The energy input (temperature increase) is used to disrupt the hydrogen bonds between the bases, thereby disrupting the double helix and causing the bases to form new hydrogen bonds with water rather than the other DNA strand, thereby making the single stranded state thermodynamically favorable at high temps.

The amount of energy needed to convert the DNA from double stranded to single stranded form is not constant for all DNA, but is dependent on the length of the DNA (longer DNA=more bonds=more stable=more heat needed to separate the strands; however, even for a long DNA molecule, once a portion begins to denature it destabilizes the entire molecule, which usually denatures rapidly after that ) and the percentage of bases that are G and C (G-C bonds are stronger than AT bonds). So long DNA strands with high GC content could have denaturation temps >100C. Practically speaking, no naturally occurring DNA has that much G-C, so we conveniently use 94-98C as the denaturation temperature because that is high enough to denature the vast majority of naturally occurring DNA sequences. At temps over 99C, the other components of the reaction are affected (the nucleotide bases and the Taq protein).

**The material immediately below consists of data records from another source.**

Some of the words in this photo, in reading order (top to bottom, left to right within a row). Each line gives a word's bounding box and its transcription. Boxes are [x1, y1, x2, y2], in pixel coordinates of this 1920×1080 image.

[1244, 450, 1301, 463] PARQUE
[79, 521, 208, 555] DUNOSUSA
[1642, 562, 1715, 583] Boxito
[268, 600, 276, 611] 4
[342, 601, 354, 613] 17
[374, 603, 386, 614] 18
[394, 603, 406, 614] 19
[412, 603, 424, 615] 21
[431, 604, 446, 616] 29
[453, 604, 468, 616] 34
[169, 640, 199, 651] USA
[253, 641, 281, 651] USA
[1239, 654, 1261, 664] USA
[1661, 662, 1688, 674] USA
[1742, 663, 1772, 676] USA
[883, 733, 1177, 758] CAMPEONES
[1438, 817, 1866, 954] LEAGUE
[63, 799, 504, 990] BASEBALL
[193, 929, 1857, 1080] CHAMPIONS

2. One of the animations shows how a plasmid can naturally form in bacteria. Would it sometimes occur that in doing so, it would split portions of a vital sequence of DNA such that the bacteria would no longer be able to produce an essential protein and die?

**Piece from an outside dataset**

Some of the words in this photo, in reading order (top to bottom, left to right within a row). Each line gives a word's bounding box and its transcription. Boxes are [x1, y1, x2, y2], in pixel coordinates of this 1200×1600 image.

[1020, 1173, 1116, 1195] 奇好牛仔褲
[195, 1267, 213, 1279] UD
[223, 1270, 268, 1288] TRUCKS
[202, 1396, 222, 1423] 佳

When plasmids integrate into the bacterial chromosome, usually, they integrate at a site that has the same genes as those on the plasmid and usually the insertion is precise so that you get extra copies of the genes (plasmids want their host cells to live!). They can, however, be designed so that their integration is specifically targeted within a gene, thereby disrupting it.

3. In our diagram of the complete vector, we included a marker segment. How will this be used? I have seen visualizations that show how splicing DNA into the middle of a marker segment can be used to show what bacteria include the splice by "breaking" the featured controlled by the marker. In our diagram, however, the marker is off to the side. Perhaps it's just a marker to show which bacteria have successfully had the vector implanted in them? But then the emGFP florescence could be used for that.

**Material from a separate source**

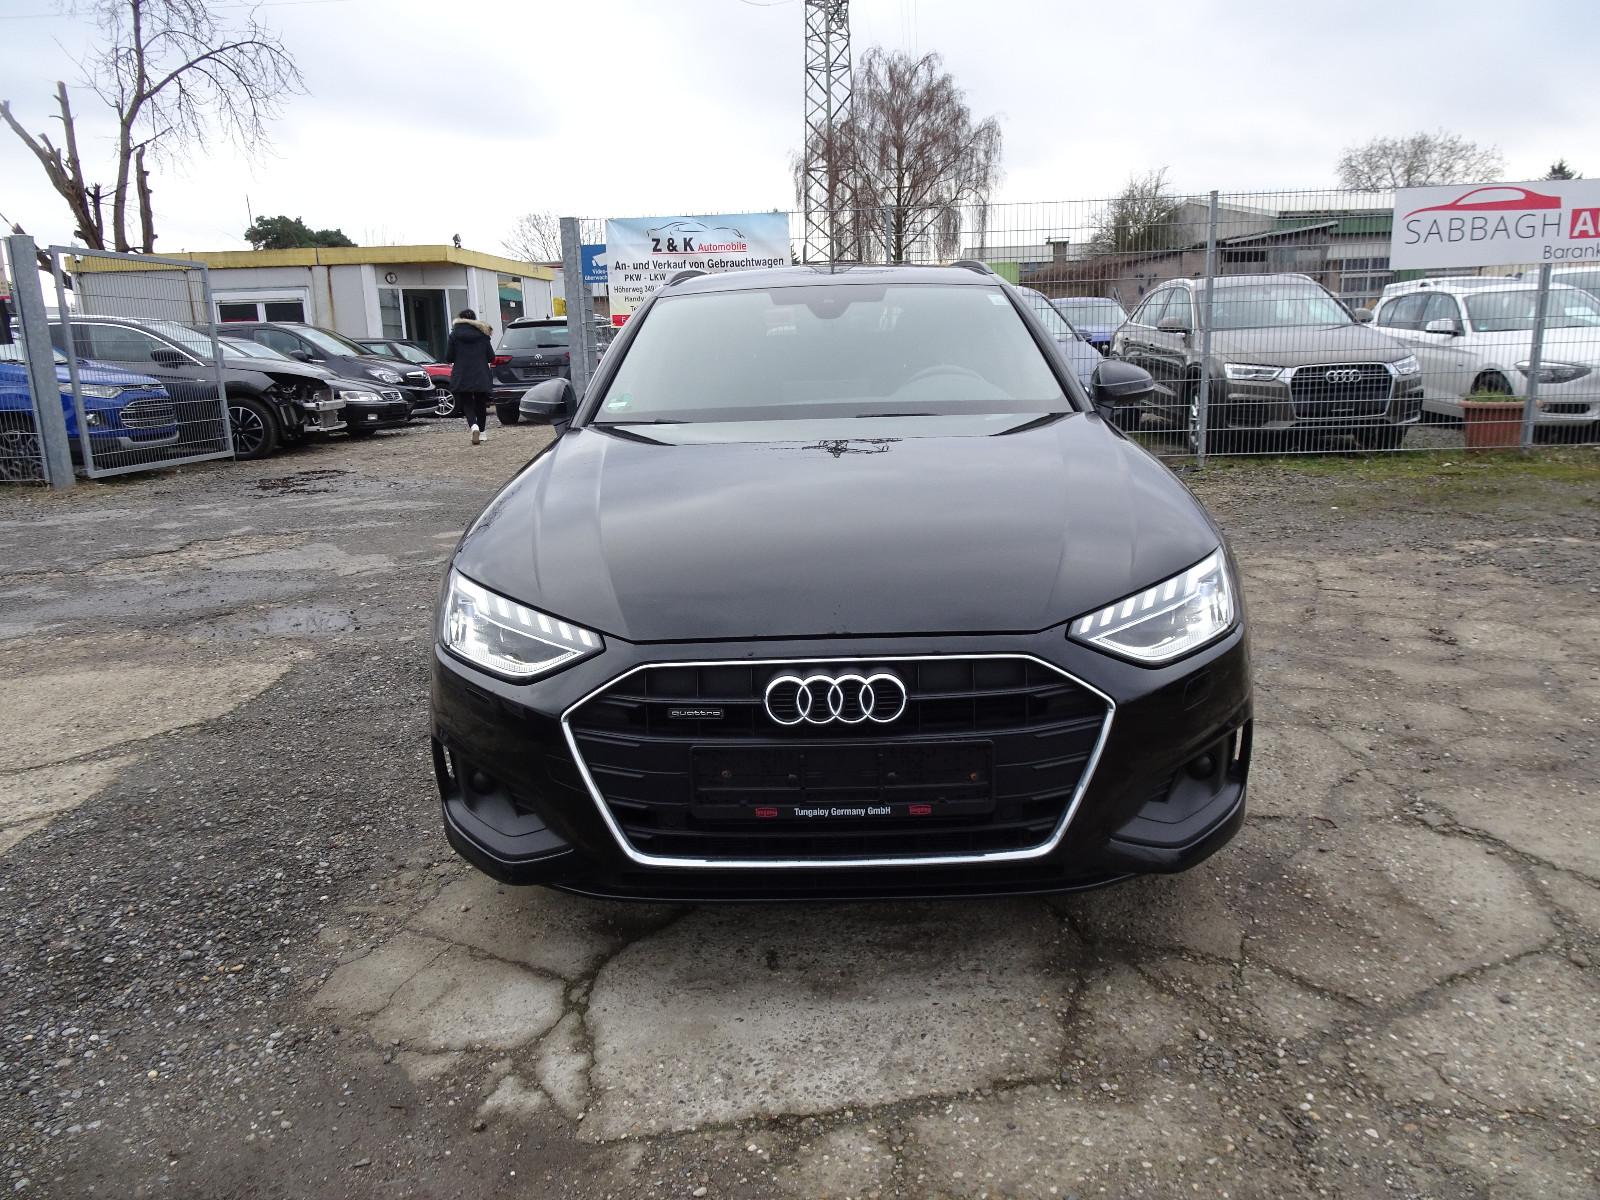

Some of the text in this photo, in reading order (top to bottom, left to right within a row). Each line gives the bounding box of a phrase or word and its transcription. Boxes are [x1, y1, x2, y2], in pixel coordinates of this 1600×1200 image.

We’ll definitely cover this in session 4.

4. In some of our counts we used nucleotides and in others, base pairs. I assume we just use one or the other depending on whether we are talking about a single strand of DNA vs. a double helix?

Yes, nucleotides for single-stranded, and base pairs for double stranded, though I probably slip and use them too interchangeably.

5. Bacterial DNA occurs in a loop. However, I assume it is a double-stranded loop, right?

Yes

6. I had a note regarding herculase vs taq polymerase stating that it has an error rate of 1 in 8 vs. 1 in 12 for Taq. However, I can't imagine this is talking about the error rate for adding each nucleotide. Can you clear up what this refers to?

The error rate per nucleotide is 1x10-6, while that of Taq is 8x10E-6. What this means, is that once we complete synthesis of a gene ~750 bp long, 1 in 12 molecules will have the perfect sequence when using Taq while 1 in 12 molecules will have the perfect sequence when using Herculase (remember that error also comes from synthesis of the oligonucleotides, not just from the enzyme)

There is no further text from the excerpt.